# Provided material

# # # #

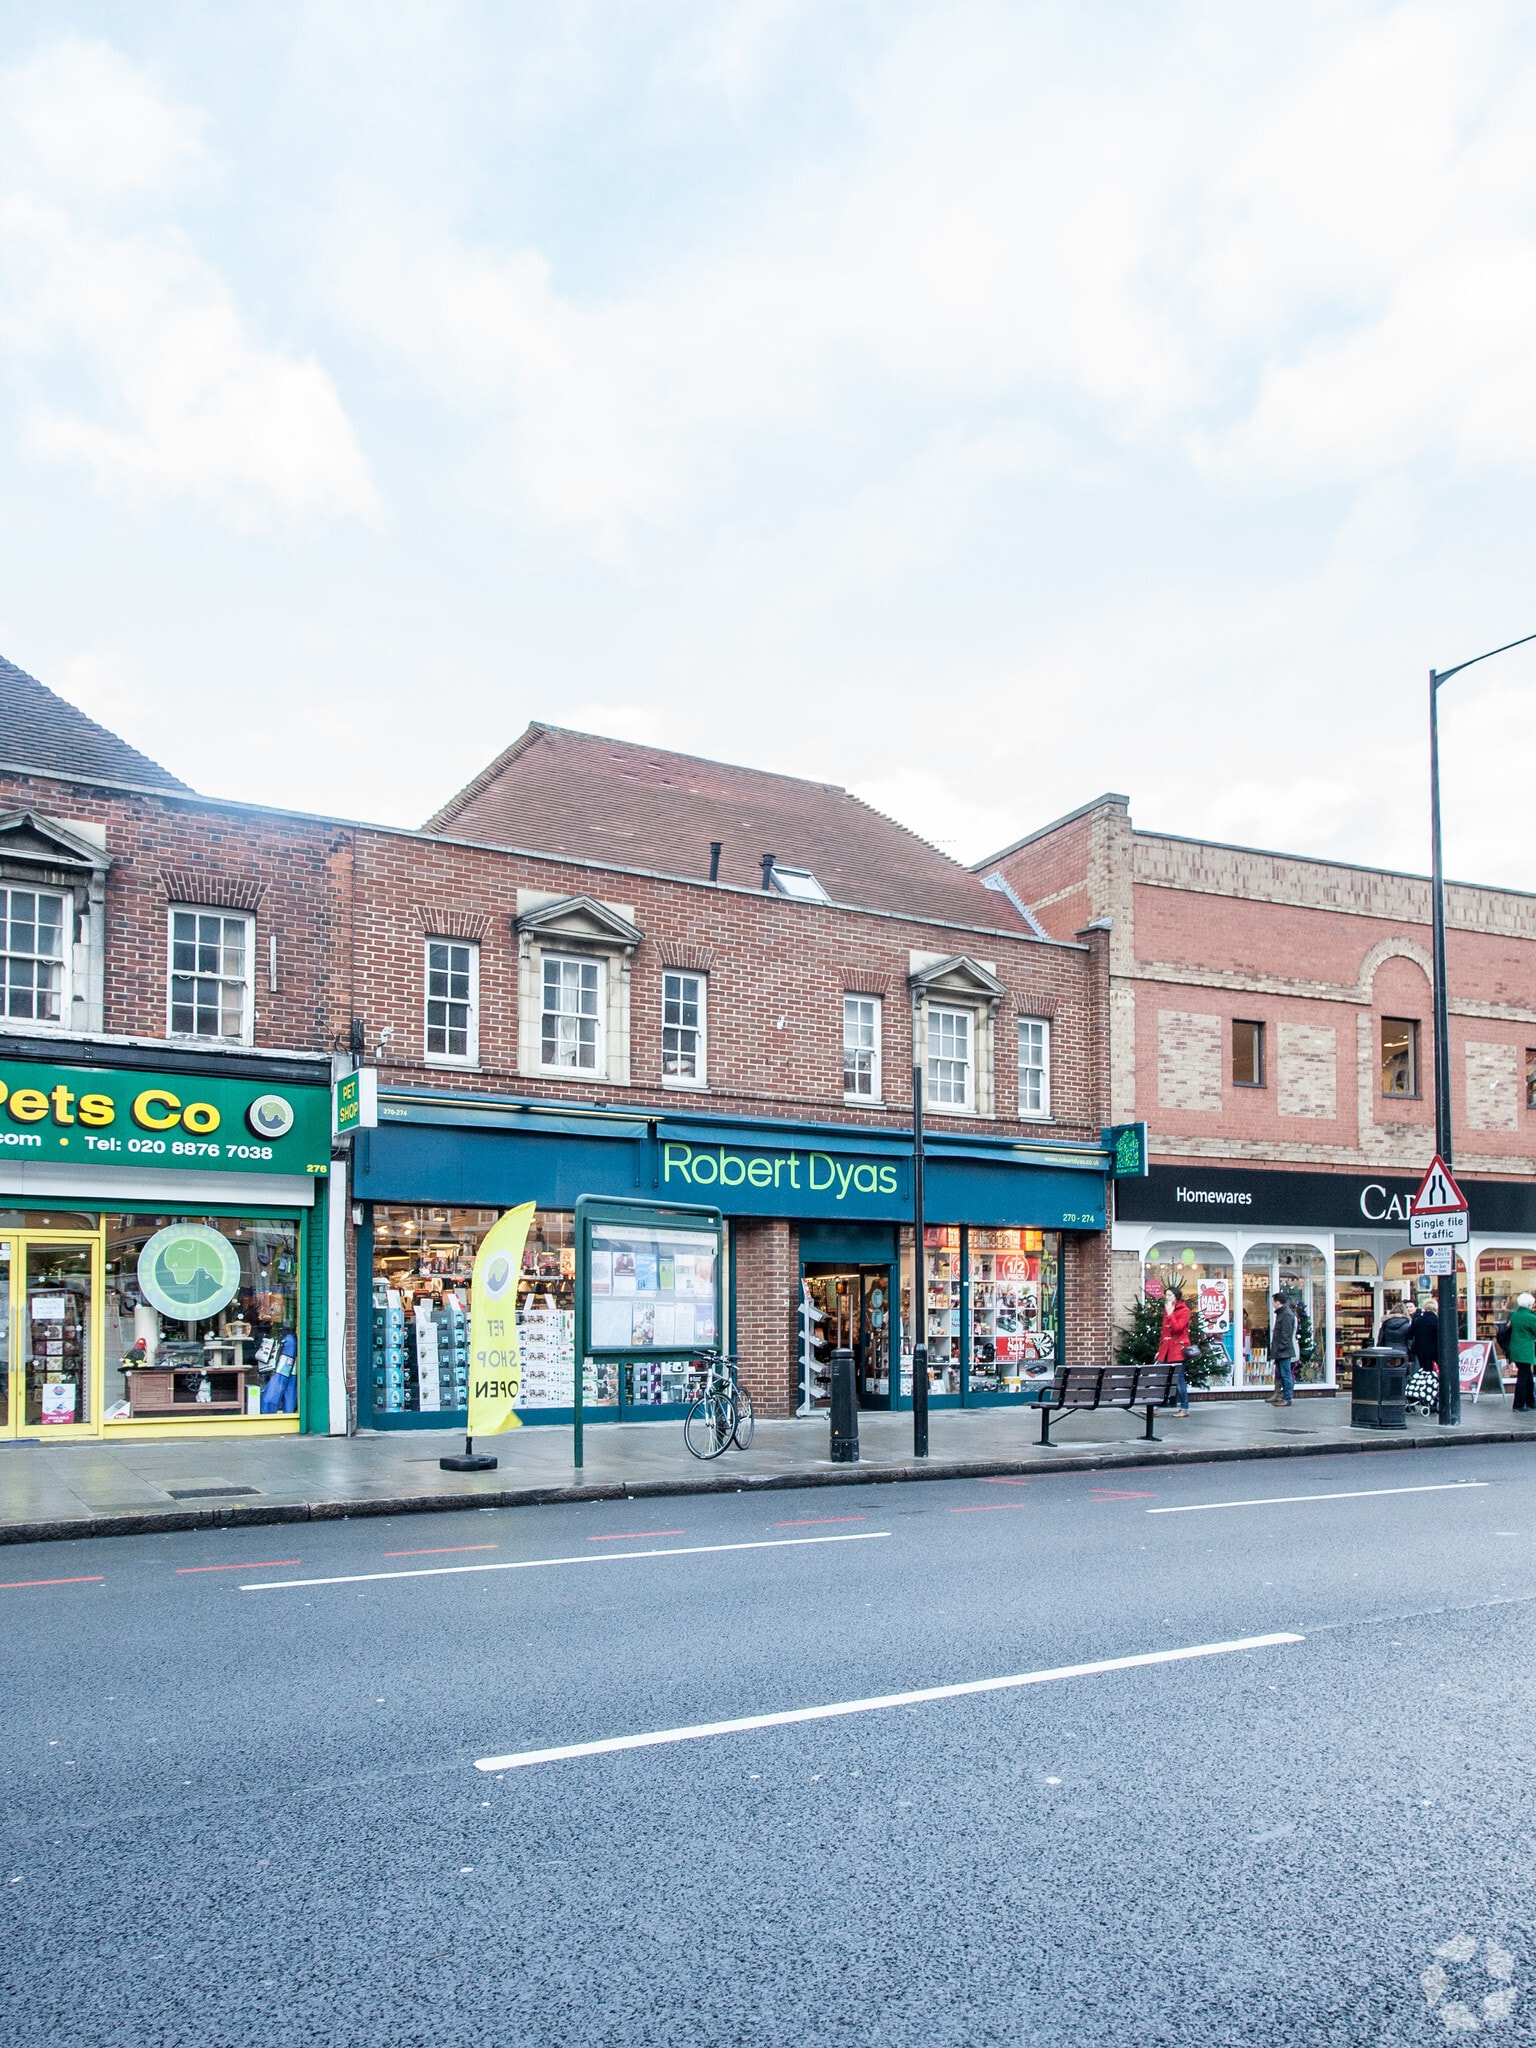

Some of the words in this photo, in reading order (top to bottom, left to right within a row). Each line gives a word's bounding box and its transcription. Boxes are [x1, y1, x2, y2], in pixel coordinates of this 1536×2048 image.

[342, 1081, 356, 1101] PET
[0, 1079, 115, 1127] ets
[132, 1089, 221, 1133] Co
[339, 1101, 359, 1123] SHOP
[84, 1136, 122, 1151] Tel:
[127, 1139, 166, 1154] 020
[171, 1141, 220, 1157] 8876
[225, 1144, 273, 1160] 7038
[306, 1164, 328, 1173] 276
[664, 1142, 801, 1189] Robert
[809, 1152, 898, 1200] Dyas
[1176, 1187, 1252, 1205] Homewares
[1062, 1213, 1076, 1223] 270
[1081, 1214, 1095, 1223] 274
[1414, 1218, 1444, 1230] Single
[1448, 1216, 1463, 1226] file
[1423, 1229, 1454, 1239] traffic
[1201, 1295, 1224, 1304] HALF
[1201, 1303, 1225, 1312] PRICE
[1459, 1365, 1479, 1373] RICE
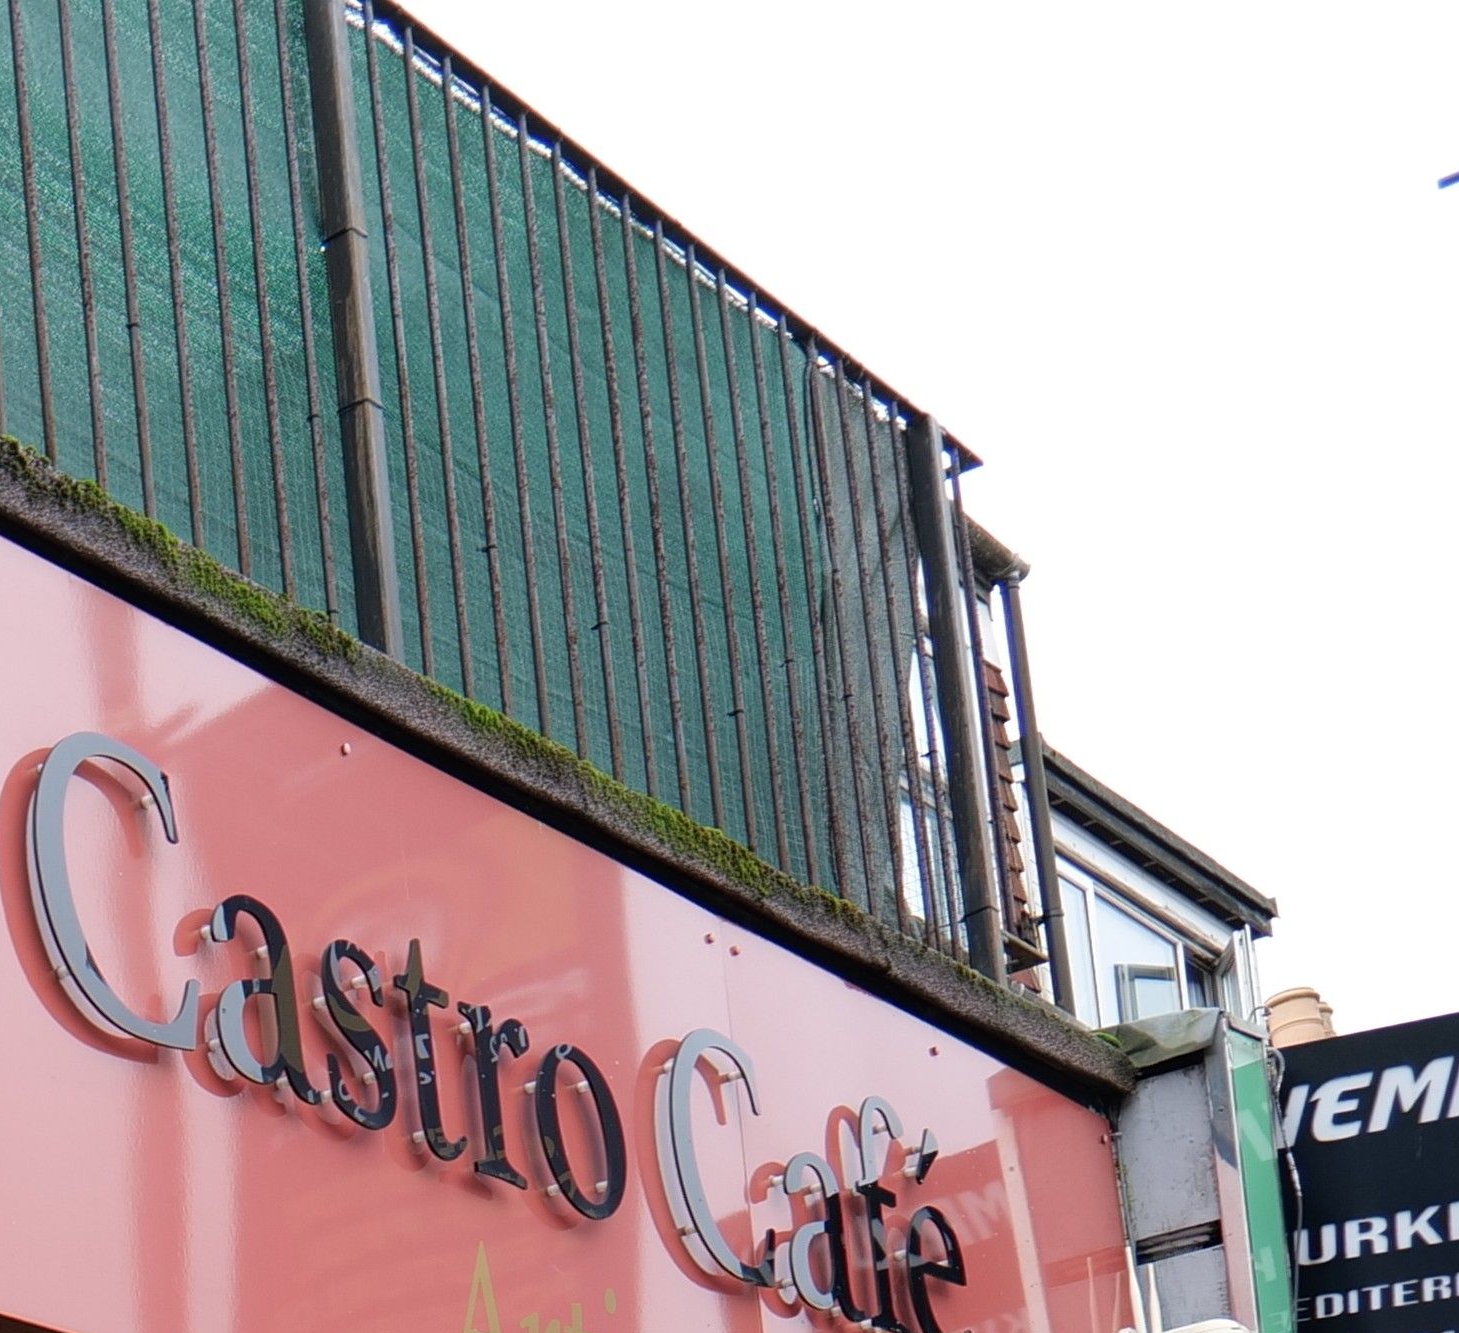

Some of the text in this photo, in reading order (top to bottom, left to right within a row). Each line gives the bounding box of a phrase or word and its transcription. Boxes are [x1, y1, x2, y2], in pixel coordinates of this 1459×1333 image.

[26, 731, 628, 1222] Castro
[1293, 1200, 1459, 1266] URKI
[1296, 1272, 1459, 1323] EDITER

# # # #

# What is expected
Leave out the pictures and give the rest of the records again exactly.

# Problem solution
Some of the words in this photo, in reading order (top to bottom, left to right within a row). Each line gives a word's bounding box and its transcription. Boxes are [x1, y1, x2, y2], in pixel coordinates of this 1536×2048 image.

[342, 1081, 356, 1101] PET
[0, 1079, 115, 1127] ets
[132, 1089, 221, 1133] Co
[339, 1101, 359, 1123] SHOP
[84, 1136, 122, 1151] Tel:
[127, 1139, 166, 1154] 020
[171, 1141, 220, 1157] 8876
[225, 1144, 273, 1160] 7038
[306, 1164, 328, 1173] 276
[664, 1142, 801, 1189] Robert
[809, 1152, 898, 1200] Dyas
[1176, 1187, 1252, 1205] Homewares
[1062, 1213, 1076, 1223] 270
[1081, 1214, 1095, 1223] 274
[1414, 1218, 1444, 1230] Single
[1448, 1216, 1463, 1226] file
[1423, 1229, 1454, 1239] traffic
[1201, 1295, 1224, 1304] HALF
[1201, 1303, 1225, 1312] PRICE
[1459, 1365, 1479, 1373] RICE

Some of the text in this photo, in reading order (top to bottom, left to right within a row). Each line gives the bounding box of a phrase or word and its transcription. Boxes are [x1, y1, x2, y2], in pixel coordinates of this 1459×1333 image.

[26, 731, 628, 1222] Castro
[1293, 1200, 1459, 1266] URKI
[1296, 1272, 1459, 1323] EDITER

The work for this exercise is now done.